Ina Kim-Schaad, who returned to golf three years ago after a hiatus of more than a decade, captured the 33rd U.S. Women’s Mid-Amateur Championship with a 3-and-2 victory over fellow New York City resident Talia Campbell in the 18-hole final on Thursday on the Meadow Course at Forest Highlands Golf Club.

Kim-Schaad, 35, earns an exemption into the 2020 U.S. Women’s Open at Champions Golf Club in Houston, Texas, with the victory, as well as exemptions into the next two U.S. Women’s Amateurs and next 10 U.S. Women’s Mid-Amateurs and possession of the Mildred Prunaret Trophy for one year.

“I’m sure it will sink in tonight or maybe later in the week, but it’s pretty amazing,” said Kim-Schaad, a native of Los Angeles who graduated from Northwestern University in 2005 and turns 36 years old on Sunday. “The women I got to play with this week have been amazing. The golf course was amazing. It’s just a pretty surreal experience overall.”

Kim-Schaad won the first and third holes with pars, and from that point on her lead fluctuated between one and two holes until the final hole. She sealed her victory on holes 15 and 16, first with a par-saving 6-footer on the short par-4 15th to Campbell’s bogey, followed by a winning birdie putt from 12 feet on the par-4 16th hole.

Kim-Schaad, who was the runner-up in the 2000 U.S. Girls’ Junior, was competing in her eighth USGA championship. Campbell, 25, playing in her first year of eligibility after graduating from the University of Notre Dame, won her first hole of the day with a birdie on the par-5 fifth hole, but Kim-Schaad regained her two-hole advantage with a birdie of her own on the par-4 seventh hole.

“I tend to get overly amped up, so I was just trying to calm myself down a little bit, just so that I don't get a little too crazy with my yardages,” said Kim-Schaad, who had her husband, Ian Schaad, as her caddie all week. “Other than that, I really tried to think of it as just another golf round, which I know is really hard to do, and I don’t know if I did a great job at it but that was my intent when I started the day.”

Campbell halved the lead again with a two-putt par on No. 8 as Kim-Schaad’s 5-foot par attempt spun around the hole and out. Campbell was unable to draw even, though, as a couple of birdie chances slipped by on Nos. 9 and 10, and Kim-Schaad went back to 2 up when Campbell three-putted the par-3 11th and conceded Kim-Schaad’s short birdie putt.
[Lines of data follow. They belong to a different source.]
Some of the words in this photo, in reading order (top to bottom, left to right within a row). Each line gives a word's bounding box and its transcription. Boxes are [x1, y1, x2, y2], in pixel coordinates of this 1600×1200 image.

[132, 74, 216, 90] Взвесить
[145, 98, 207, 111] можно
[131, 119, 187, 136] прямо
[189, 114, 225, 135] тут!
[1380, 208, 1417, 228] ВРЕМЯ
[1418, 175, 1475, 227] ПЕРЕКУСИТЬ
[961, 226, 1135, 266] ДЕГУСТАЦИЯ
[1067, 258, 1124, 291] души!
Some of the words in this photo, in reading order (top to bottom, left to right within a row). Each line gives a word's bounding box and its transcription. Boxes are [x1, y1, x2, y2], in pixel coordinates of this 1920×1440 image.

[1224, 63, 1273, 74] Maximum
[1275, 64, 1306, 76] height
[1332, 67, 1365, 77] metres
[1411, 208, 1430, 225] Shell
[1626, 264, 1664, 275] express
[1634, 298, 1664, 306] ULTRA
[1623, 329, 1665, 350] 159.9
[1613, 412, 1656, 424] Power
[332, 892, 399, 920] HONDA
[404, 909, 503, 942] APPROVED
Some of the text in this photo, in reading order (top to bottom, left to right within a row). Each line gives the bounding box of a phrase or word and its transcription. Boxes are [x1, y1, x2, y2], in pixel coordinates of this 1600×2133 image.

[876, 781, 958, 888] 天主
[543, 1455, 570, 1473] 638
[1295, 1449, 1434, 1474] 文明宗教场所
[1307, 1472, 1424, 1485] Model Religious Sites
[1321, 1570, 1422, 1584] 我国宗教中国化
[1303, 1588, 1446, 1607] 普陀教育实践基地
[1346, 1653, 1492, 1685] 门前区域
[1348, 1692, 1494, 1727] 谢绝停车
“I had a lot of good birdie looks but I just was not able to convert the 10-to 20-foot putts this week,” said Campbell, who was competing in her fourth USGA championship and first since the 2013 U.S. Women’s Amateur. “That was kind of the theme of my week, because most of the birdies I did get were more or less tap-ins or inside of 6 feet. It’s just the 10-to-20-foot range that wasn't there this week.”

Kim-Schaad missed only her second fairway of the day on the par-5 12th, and it was costly, as she couldn’t get her ball out of the woods on her first attempt, the ball ricocheting off a rock. She got on the green in four and conceded Campbell’s birdie putt after her own par try missed.

The match was decided on holes 14-16 as Kim-Schaad matched Campbell’s two-putt par by converting a testing 4-footer on the par-5 14th to keep her 1-up lead. Kim-Schaad then saved par again on No. 15 after Campbell flew the green on the short par 4 in the blustery conditions, with winds gusting to more than 30 miles an hour. Kim-Schaad birdied the 384-yard, par-4 16th, and when Campbell missed her attempt, the match was over.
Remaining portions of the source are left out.